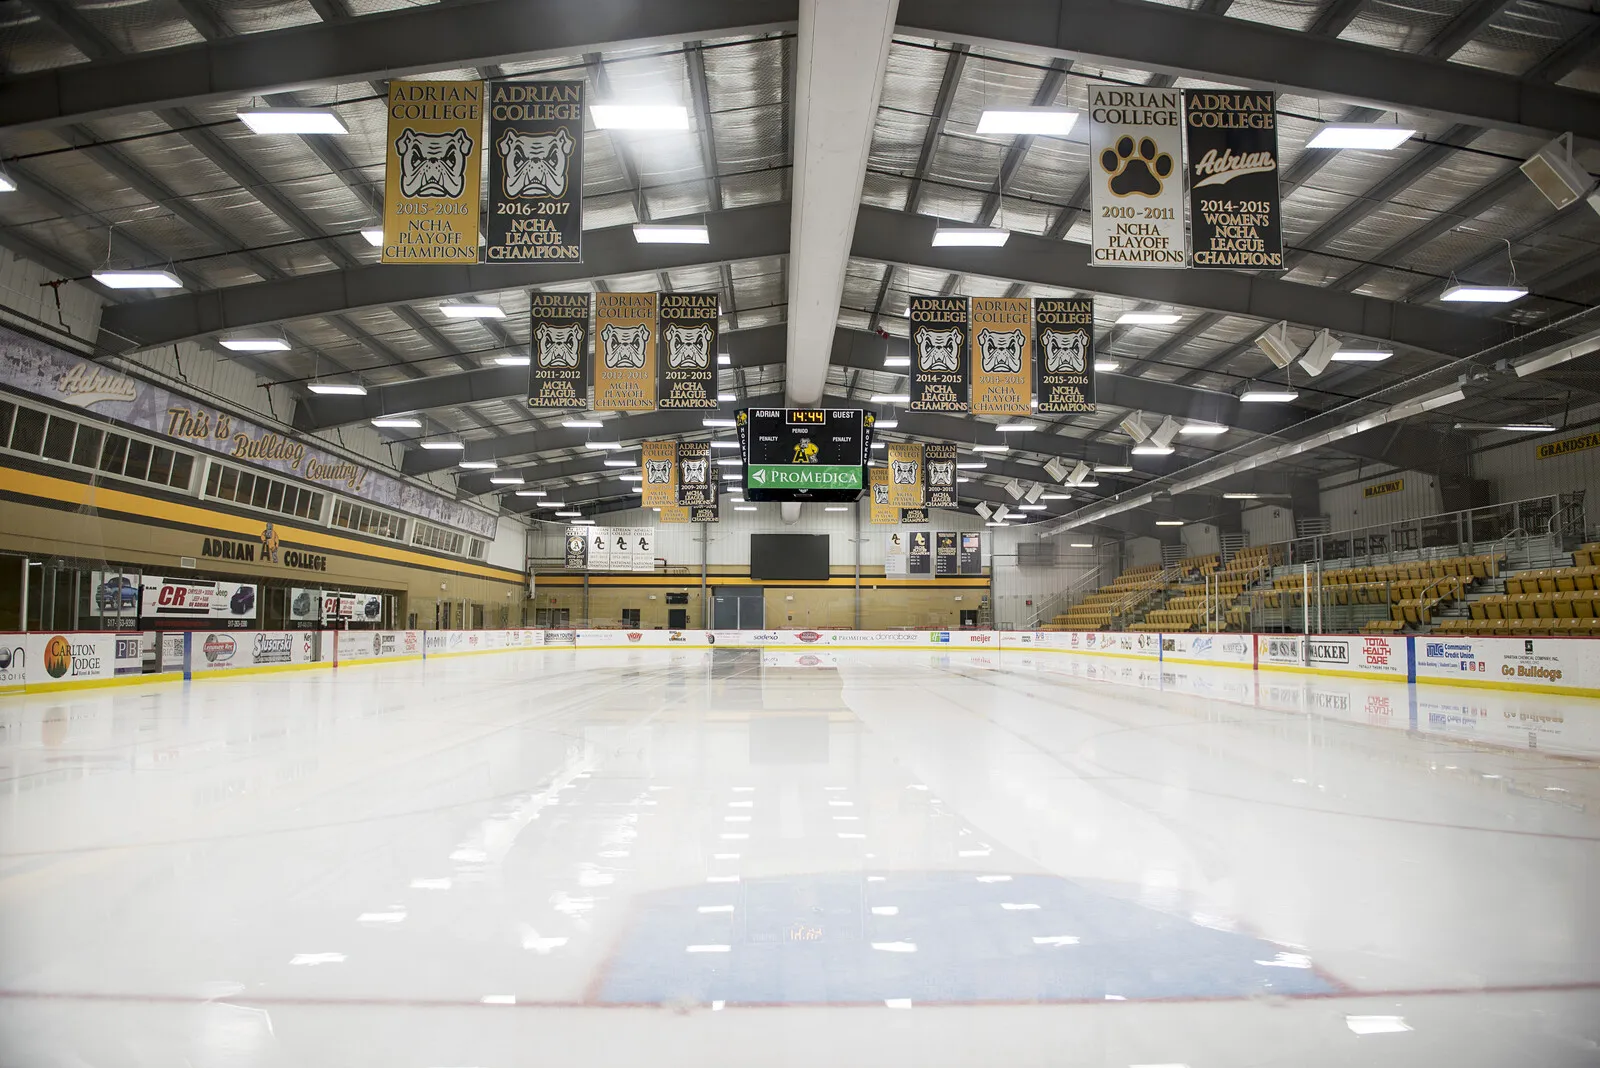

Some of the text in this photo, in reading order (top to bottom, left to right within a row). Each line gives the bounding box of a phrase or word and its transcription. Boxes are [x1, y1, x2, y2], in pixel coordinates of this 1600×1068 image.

[394, 86, 478, 101] ADRIAN
[495, 85, 581, 103] ADRIAN
[1094, 91, 1177, 108] ADRIAN
[1188, 94, 1272, 112] ADRIAN
[391, 104, 479, 120] COLLEGE
[492, 104, 580, 121] COLLEGE
[1092, 108, 1178, 127] COLLEGE
[1188, 112, 1274, 130] COLLEGE
[1194, 148, 1276, 177] Adrian
[396, 203, 469, 215] 2015-2016
[497, 202, 570, 215] 2016-2017
[1200, 200, 1270, 214] 2014-2015
[408, 219, 453, 231] NCHA
[510, 218, 557, 232] NCHA
[1203, 213, 1269, 227] WOMEN'S
[1116, 223, 1161, 236] NCHA
[1215, 226, 1259, 239] NCHA
[399, 232, 463, 245] PLAYOFF
[505, 232, 562, 246] LEAGUE
[1108, 236, 1170, 249] PLAYOFF
[1210, 238, 1265, 252] LEAGUE
[385, 246, 475, 259] CHAMPIONS
[487, 245, 579, 259] CHAMPIONS
[1094, 248, 1184, 263] CHAMPIONS
[1193, 251, 1281, 266] CHAMPIONS
[533, 295, 588, 307] ADRIAN
[599, 296, 653, 307] ADRIAN
[661, 296, 717, 307] ADRIAN
[911, 299, 967, 311] ADRIAN
[975, 300, 1028, 312] ADRIAN
[1037, 301, 1091, 313] ADRIAN
[532, 307, 588, 318] COLLEGE
[597, 308, 653, 319] COLLEGE
[660, 307, 717, 319] COLLEGE
[911, 311, 967, 323] COLLEGE
[974, 312, 1028, 324] COLLEGE
[1036, 313, 1092, 324] COLLEGE
[58, 362, 136, 397] Adrian
[535, 371, 581, 379] 2011-2012
[665, 371, 712, 380] 2012-2013
[915, 374, 962, 383] 2014-2015
[1043, 376, 1089, 384] 2015-2016
[542, 381, 573, 390] MCHA
[609, 382, 640, 391] MCHA
[672, 382, 704, 391] MCHA
[924, 385, 953, 394] NCHA
[987, 386, 1016, 395] NCHA
[1052, 386, 1081, 395] NCHA
[539, 390, 575, 398] LEAGUE
[604, 391, 645, 399] PLAYOFF
[669, 390, 707, 399] LEAGUE
[921, 393, 957, 402] LEAGUE
[982, 394, 1022, 403] PLAYOFF
[1049, 394, 1084, 403] LEAGUE
[528, 398, 587, 407] CHAMPIONS
[595, 399, 653, 408] CHAMPIONS
[659, 399, 717, 408] CHAMPIONS
[910, 401, 968, 411] CHAMPIONS
[973, 403, 1030, 412] CHAMPIONS
[1038, 402, 1095, 412] CHAMPIONS
[755, 410, 780, 418] ADRIAN
[792, 411, 824, 422] 14:44
[832, 411, 854, 419] GUEST
[168, 407, 370, 491] This is Bulldog Country!
[201, 537, 255, 562] ADRIAN
[283, 550, 327, 571] COLLEGE
[158, 585, 188, 606] CR
[216, 588, 228, 598] Jeep
[753, 632, 779, 640] sodexo
[970, 633, 991, 644] meijer
[1364, 637, 1389, 647] TOTAL
[51, 641, 96, 657] CARLTON
[252, 632, 293, 658] Slusarski
[1362, 646, 1392, 656] HEALTH
[1444, 643, 1472, 652] Community
[1366, 655, 1388, 665] CARE
[1444, 651, 1460, 659] Credit
[71, 656, 101, 676] LODGE
[1501, 664, 1563, 683] Go Bulldogs

——

- **Your objective**: Find and copy each line of the listing above that holds the word "NCHA".

- **Exercise response**:
[408, 219, 453, 231] NCHA
[510, 218, 557, 232] NCHA
[1116, 223, 1161, 236] NCHA
[1215, 226, 1259, 239] NCHA
[924, 385, 953, 394] NCHA
[987, 386, 1016, 395] NCHA
[1052, 386, 1081, 395] NCHA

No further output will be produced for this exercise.